GSDME acts as an epigenetic modifier to promote melanoma development via centriole biogenesis regulator PLK4
摘要
Gasdermins have been traditionally recognized for their canonical pore-forming activity in pyroptosis and generally considered as a tumor suppressor due to their low endogenous expression in various types of cancers. However, the pyroptosis-independent role of gasdermins in cellular biological processes remains poorly understood, sparking debates on their actual contribution to cancer pathogenesis.

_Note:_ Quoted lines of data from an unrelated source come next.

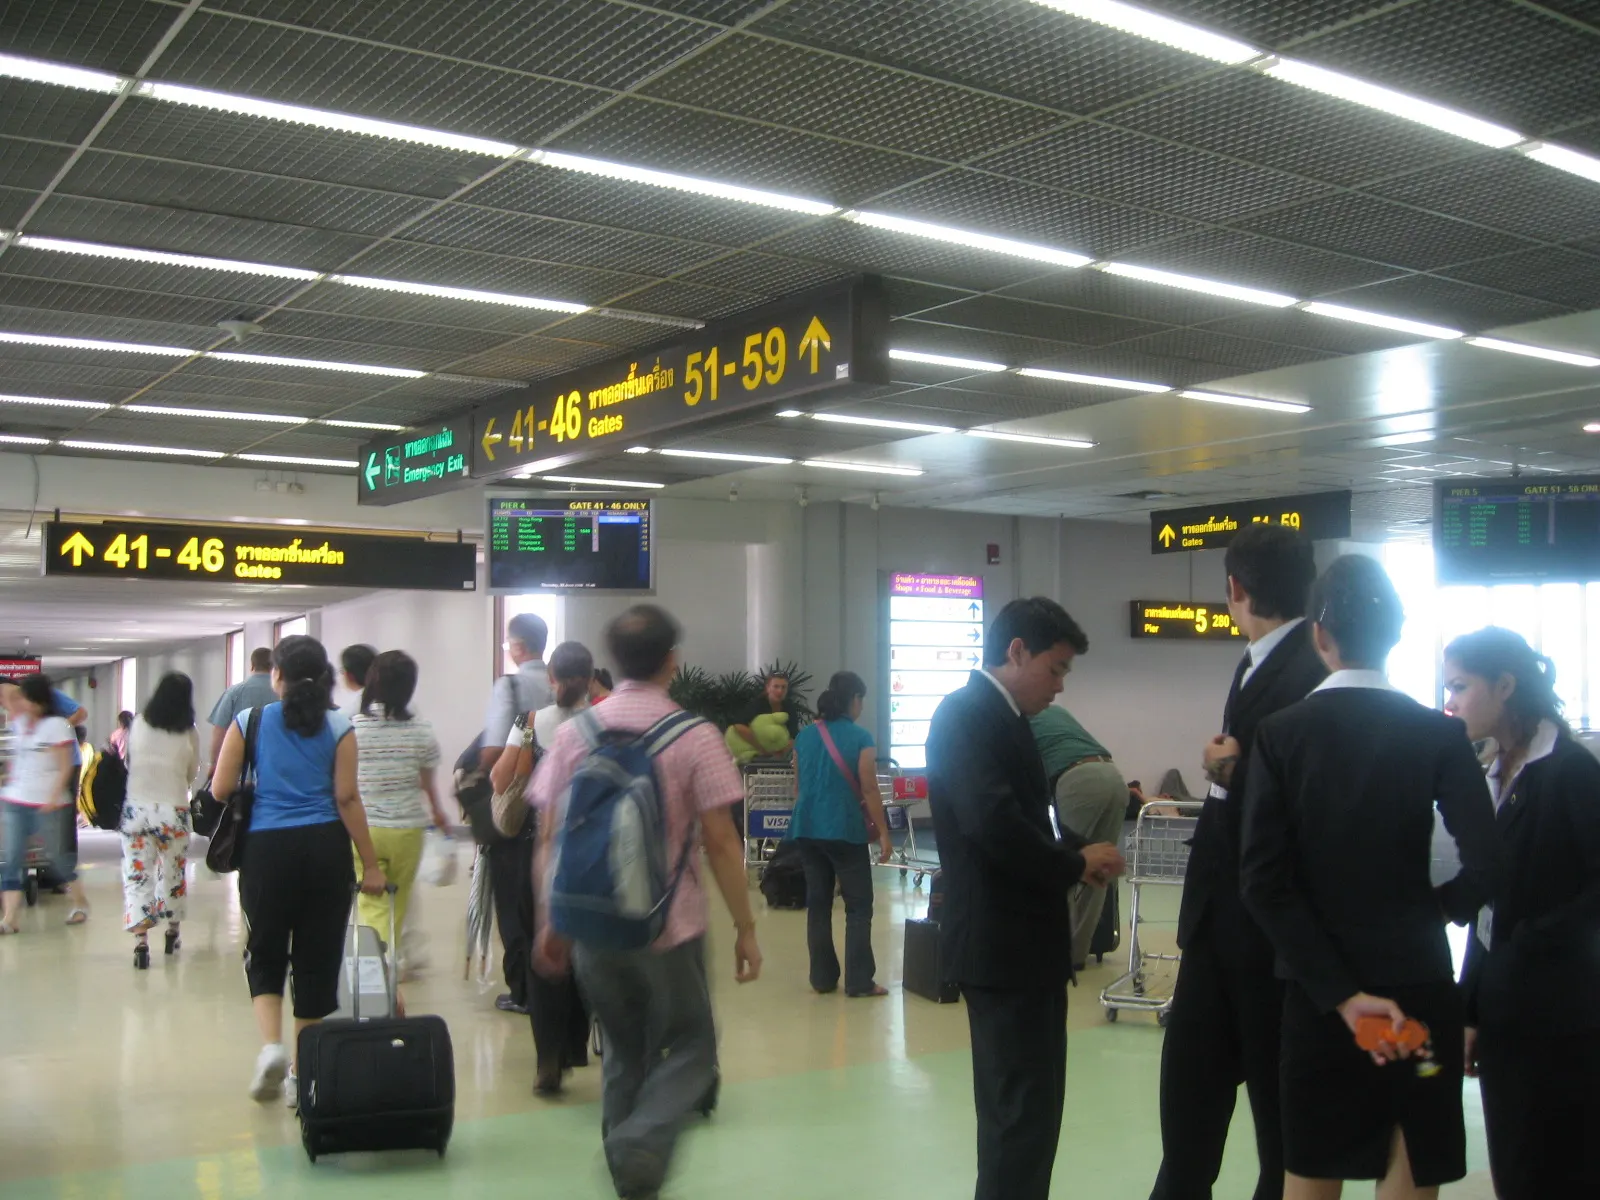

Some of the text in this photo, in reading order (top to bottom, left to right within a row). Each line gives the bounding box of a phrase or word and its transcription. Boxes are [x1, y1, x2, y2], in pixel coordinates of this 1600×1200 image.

[684, 326, 787, 407] 51-59
[508, 390, 581, 454] 41-46
[588, 414, 623, 438] Gates
[403, 453, 463, 484] Emergency Exit
[569, 502, 592, 510] GATE
[593, 502, 604, 510] 41
[611, 502, 622, 510] 46
[623, 502, 647, 510] ONLY
[1182, 538, 1203, 547] Gates
[234, 562, 282, 579] Gates
[1144, 623, 1160, 633] Pier
[1195, 608, 1208, 633] 5
[1212, 614, 1230, 628] 280
[767, 818, 790, 826] VISA

Here, we demonstrate a novel facet of GSDME as an epigenetic modifier that promotes melanoma development through the regulation of the centriole biogenesis regulator PLK4. Unexpectedly, GSDME expression is significantly up-regulated in melanoma, induced by prominent hypo-methylation at its promoter. The deficiency of GSDME prominently suppresses tumor growth and metastasis of melanoma, independent of CD8+ T cell-dependent anti-tumor immunity. Mechanistically, GSDME forms a complex with SMARCA5 and NCL in the nucleus, functioning as an epigenetic regulator, particularly facilitating the transcription of centriole biogenesis regulator PLK4 by increasing its promoter chromatin accessibility. The regulation of PLK4 is greatly implicated in the oncogenic role of GSDME in melanoma. Ultimately, this GSDME-SMARCA5/NCL-PLK4 axis is validated in patients with melanoma and has been proved of promising prognostic potential. Altogether, these results demonstrate that GSDME could be a critical oncogene through its pyroptosis-independent epigenetic regulatory function.